Tengo 46 años, y si alguien viese mi vida desde fuera, seguramente pensaría que todo está bien. Me casé joven, a los 24 años, con un hombre trabajador y responsable. Trajimos al mundo a nuestros dos hijos seguidos: el primero nació cuando tenía 26 y el segundo a los 28. Dejé mis estudios universitarios porque los horarios no encajaban, los niños eran pequeños y siempre pensaba que ya habría tiempo más adelante. Nunca hubo grandes discusiones ni dramas. Todo transcurría como debería.
Durante años, mi rutina fue siempre la misma. Me levantaba antes que nadie, preparaba el desayuno, dejaba la casa en orden y salía para el trabajo. Volvía lo suficientemente pronto para hacer todo lo pendiente: cocinar, poner lavadoras, recoger. Los fines de semana estaban reservados para reuniones familiares, cumpleaños, compromisos varios. Siempre estaba presente, siempre era yo la que tomaba la responsabilidad. Si algo faltaba, yo lo solucionaba. Si alguien necesitaba algo, allí estaba yo. Jamás me pregunté si quería otra cosa.
Mi marido nunca ha sido mala persona. Cenábamos, veíamos la televisión juntos y nos acostábamos.
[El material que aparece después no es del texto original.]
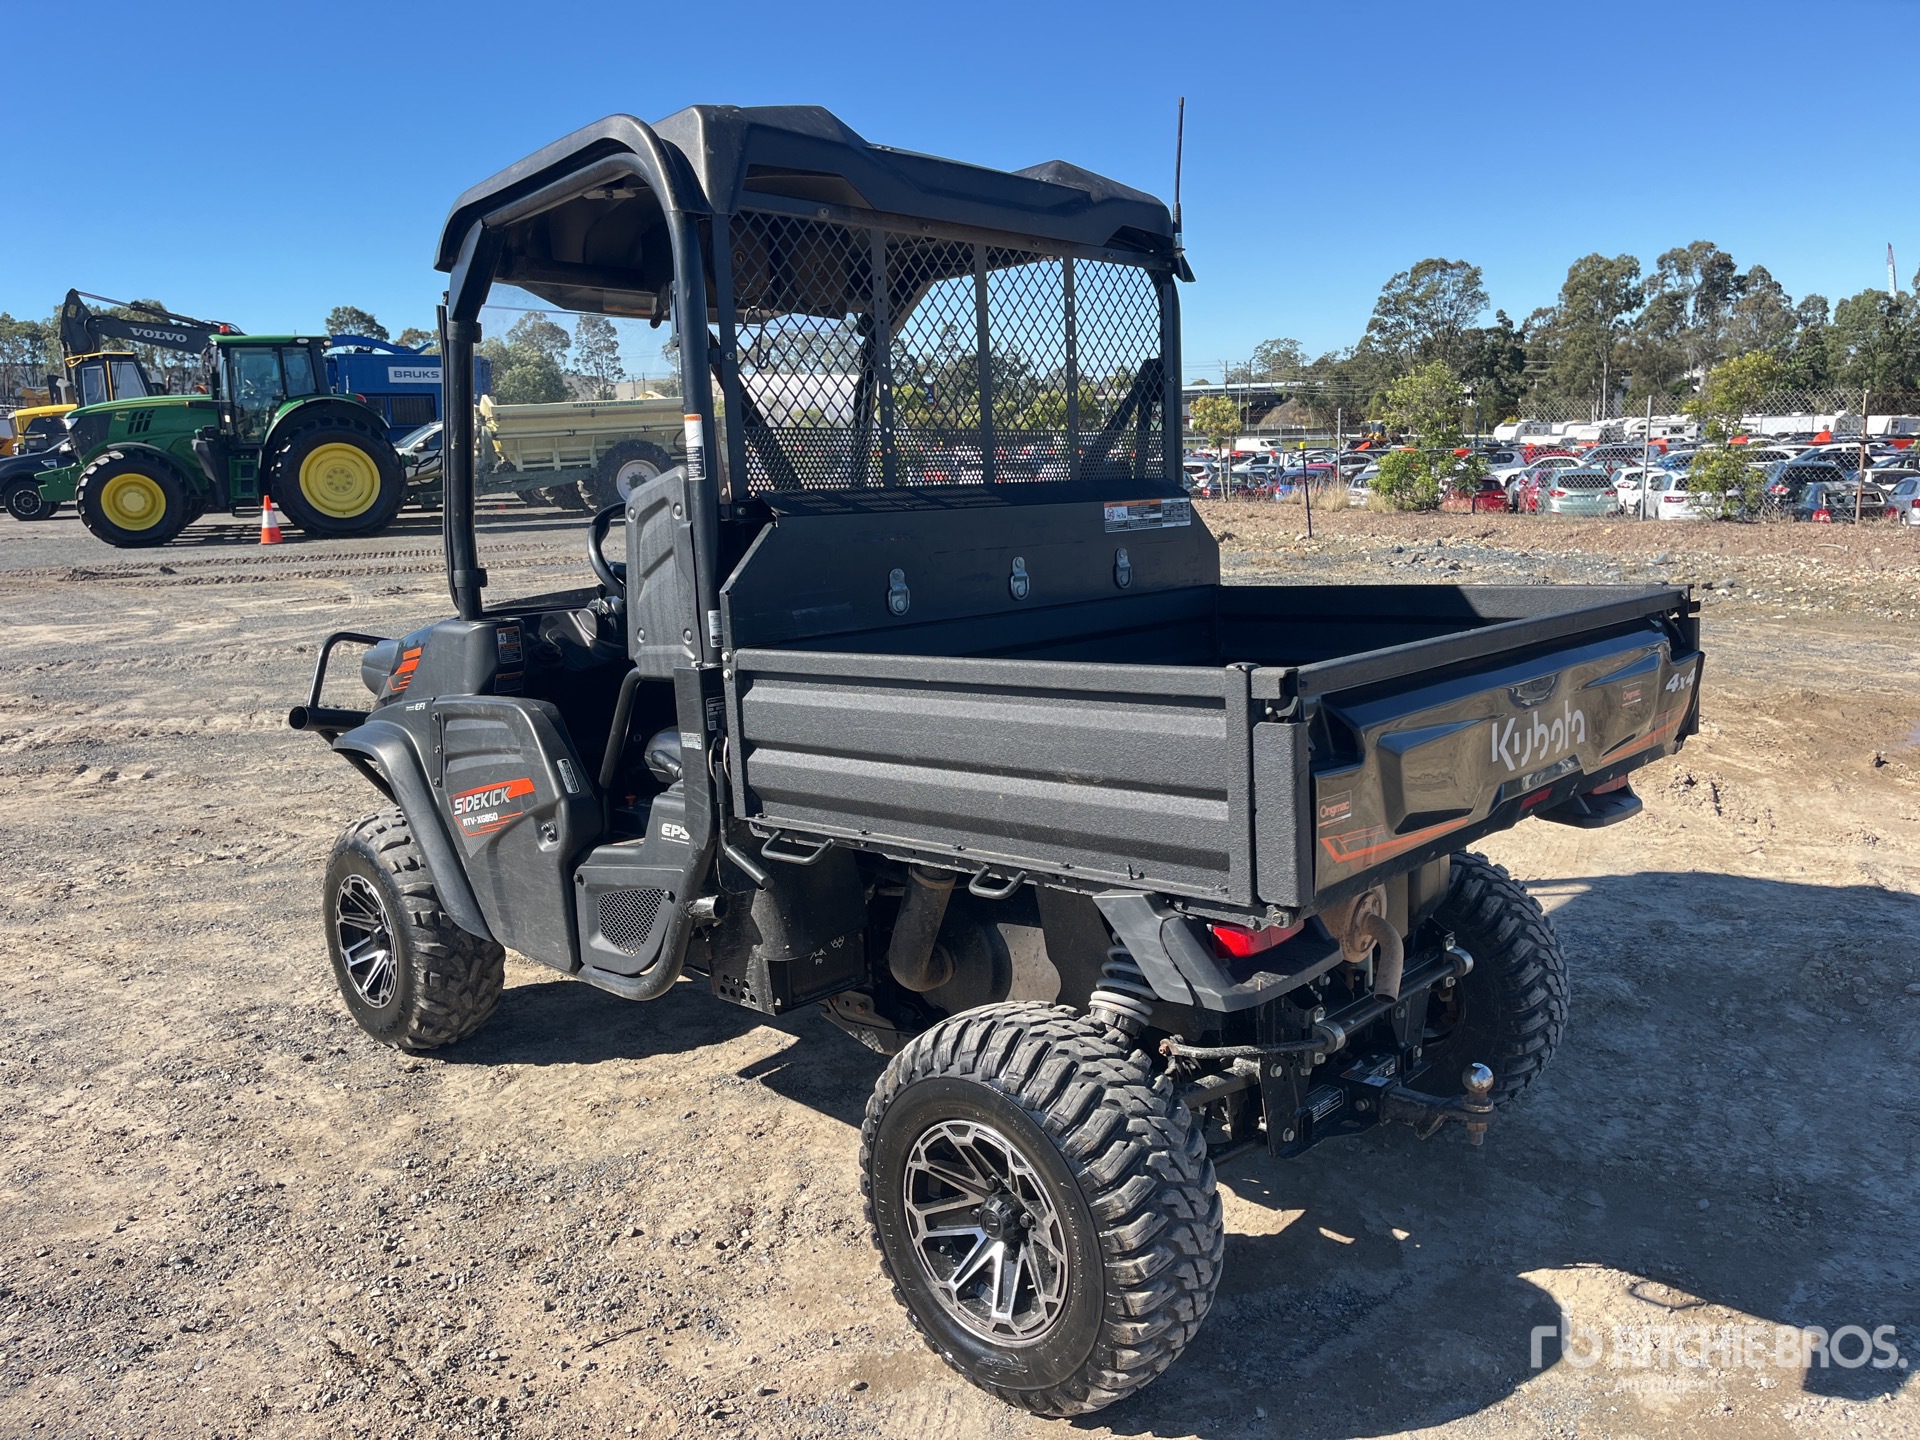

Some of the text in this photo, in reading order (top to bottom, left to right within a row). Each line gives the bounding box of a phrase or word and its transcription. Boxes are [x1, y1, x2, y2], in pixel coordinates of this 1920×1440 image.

No era especialmente cariñoso, pero tampoco frío. No pedía mucho, tampoco se quejaba. Nuestras conversaciones giraban siempre en torno a facturas, los niños, las tareas diarias.
Un martes cualquiera, me senté en el salón, en silencio, y me di cuenta de que no tenía nada que hacer. No porque todo estuviera bien, sino porque en ese momento nadie necesitaba nada de mí. Miré alrededor y comprendí que había sostenido este hogar durante años, pero ya no sabía qué hacer conmigo mismo dentro de él.
Aquel día abrí un cajón lleno de papeles antiguos y encontré diplomas, cursos sin terminar, ideas anotadas en cuadernos, proyectos guardados para después. Revisé fotos de cuando era joven, de antes de ser marido, de antes de ser padre, de antes de convertirme en ese que arregla todo. No sentí nostalgia. Fue peor: tuve la certeza de que lo había conseguido todo, pero sin haberme preguntado nunca si era eso lo que realmente deseaba.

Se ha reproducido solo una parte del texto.